Spotkałam się tutaj na przykład z koncepcją, której nie widziałam nigdzie indziej. Nie mogę Wam o nich opowiedzieć, by nie popsuć zabawy, ale jeżeli już zaliczyliście „Dziennik 29” to mam tutaj na myśli zagadkę nr 60 (genialna, prawda?!). Przy jednej łamigłówce autentycznie opadła nam szczęka, gdy wskazała nam ona na coś, co cały czas mieliśmy przed oczami, ale wcześniej nie zwróciliśmy na to uwagi (założę się, że też tego nie zobaczycie od razu ;-). Bardzo podobały mi się zagadki słowne oraz te, które wymagały nieszablonowych działań. Było kilka takich, z którymi spotkałam się wcześniej, chociażby w „Detektywie”. Ale najważniejsze, że nie było tutaj niczego nielogicznego, wydumanego czy absurdalnego. Wszystko ma sens i się ze sobą klei.
Chociaż żadna opowieść nie jest tutaj snuta, to szkice oraz słowa, które stanowią klucze zagadek miło budują klimat. Zakończenie zaś jest naprawdę dobre – wywołujące szeroki uśmiech, minimalistyczne, dające do myślenia i… dość otwarte. Nie każdemu może ono przypaść do gustu, ale nam bardzo się podobało.

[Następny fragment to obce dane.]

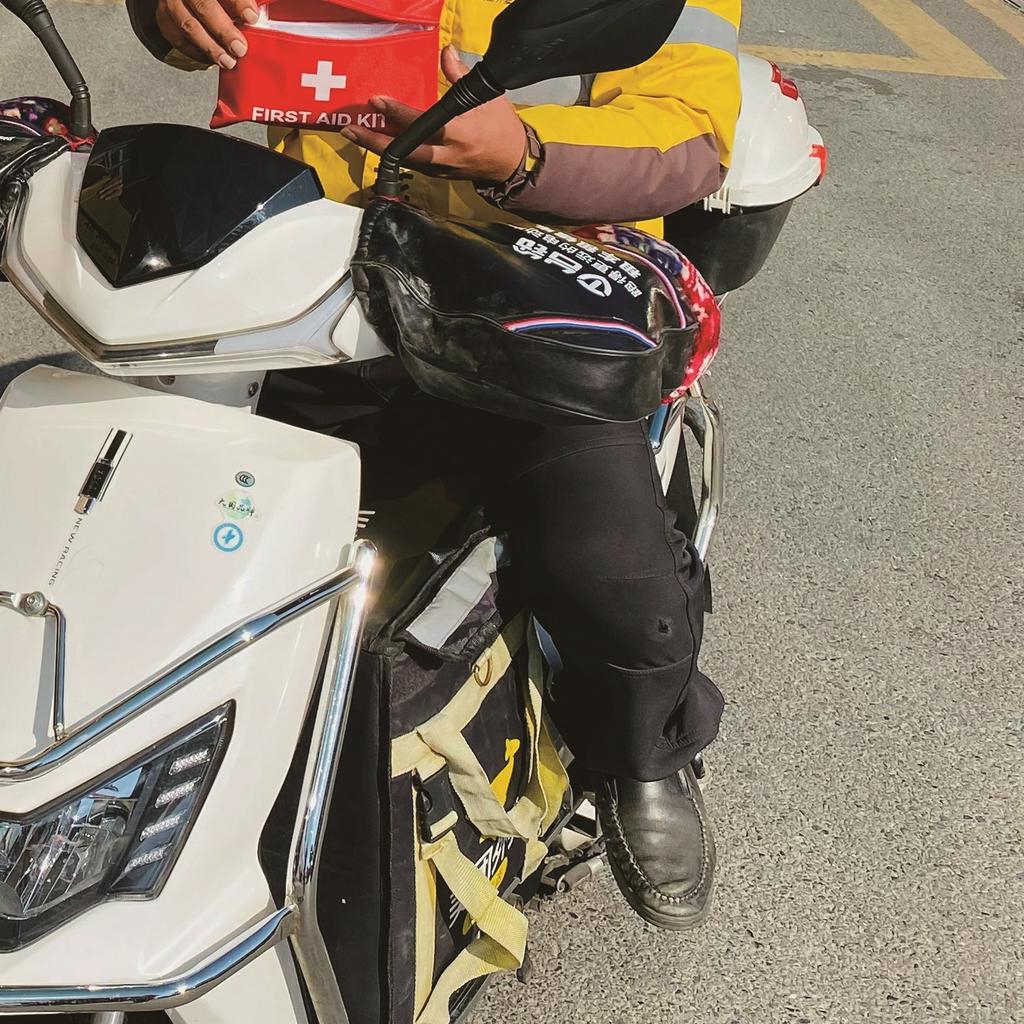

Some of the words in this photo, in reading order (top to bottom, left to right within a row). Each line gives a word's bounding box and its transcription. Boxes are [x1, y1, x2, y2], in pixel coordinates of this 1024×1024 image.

[251, 105, 312, 124] FIRST
[315, 112, 352, 126] AID
[510, 223, 643, 298] 跑得更远的电动
[64, 517, 83, 545] NEW
[47, 545, 70, 587] RACING
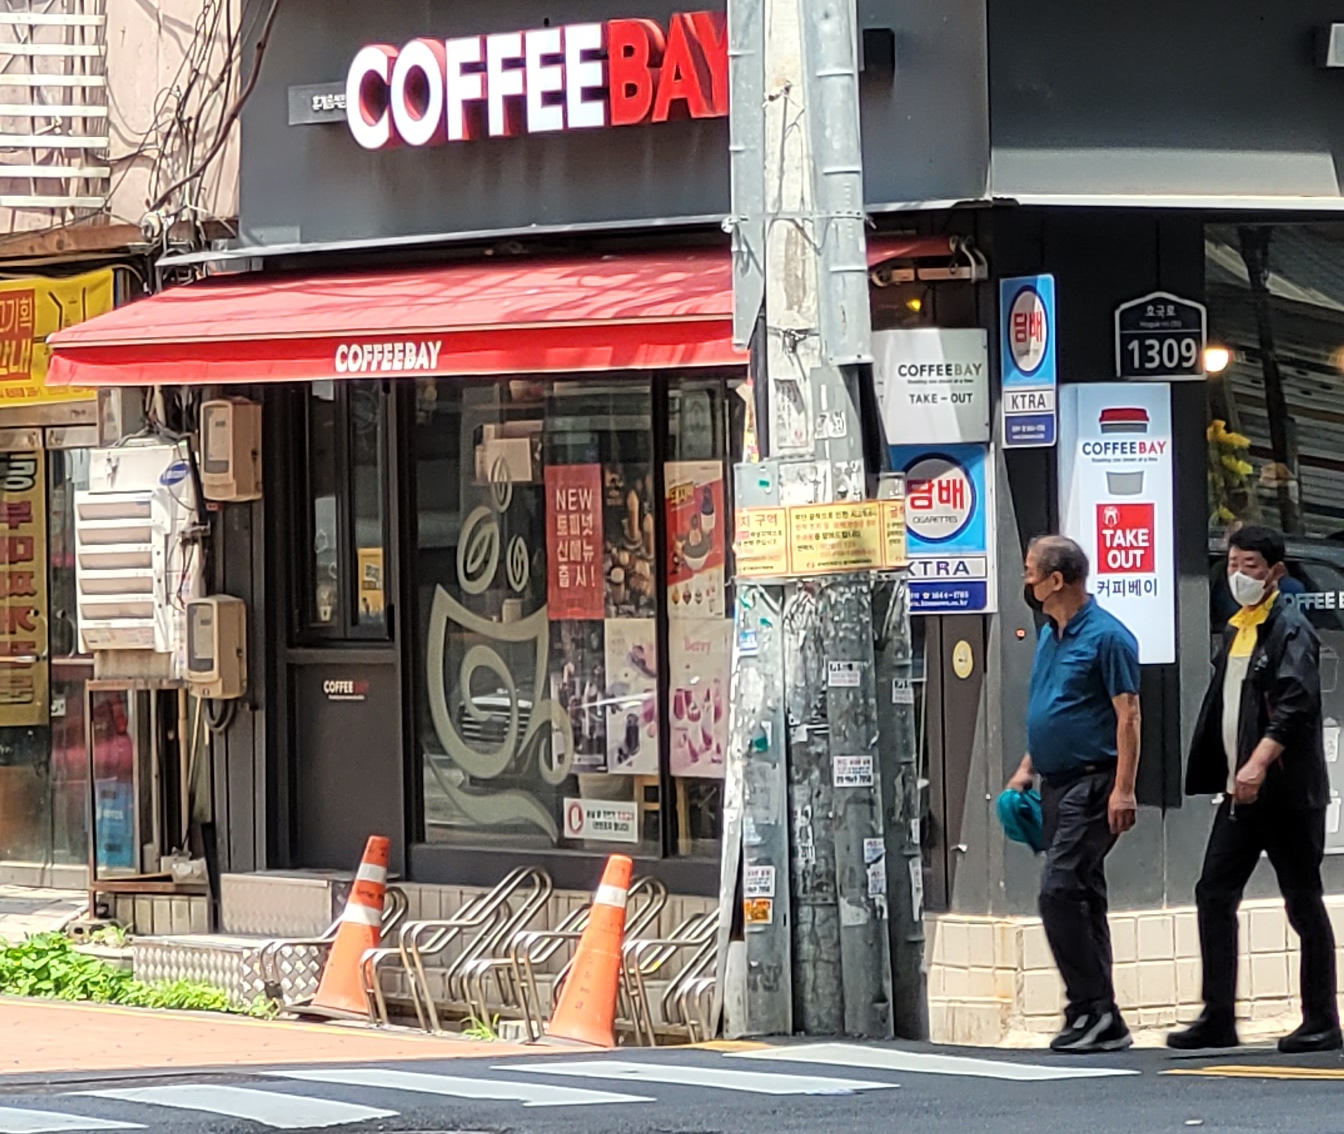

Czy coś można było zrobić lepiej? Zdecydowanie nie do końca wykorzystano potencjał jaki daje powiązanie książki ze stroną internetową. Poza samą warstwą fabularną, którą przecież łatwo dałoby się wpleść w ten schemat, można było wykorzystać chociażby rozszerzoną rzeczywistość. Skoro mamy kod QR przekierowujący na stronę, to dlaczego autor nie wpadł na to, by wykonać trójwymiarowe, wirtualne modele, które stanowiłyby część zagadek po skierowaniu aparatu smartfonu na daną kartkę? Albo jakieś łamigłówki muzyczne, tudzież coś co przełamałoby w bardziej oryginalny sposób czwartą ścianę? Mam nadzieję, że kolejne gamebooki pod tym względem mnie właśnie pozytywnie zaskoczą.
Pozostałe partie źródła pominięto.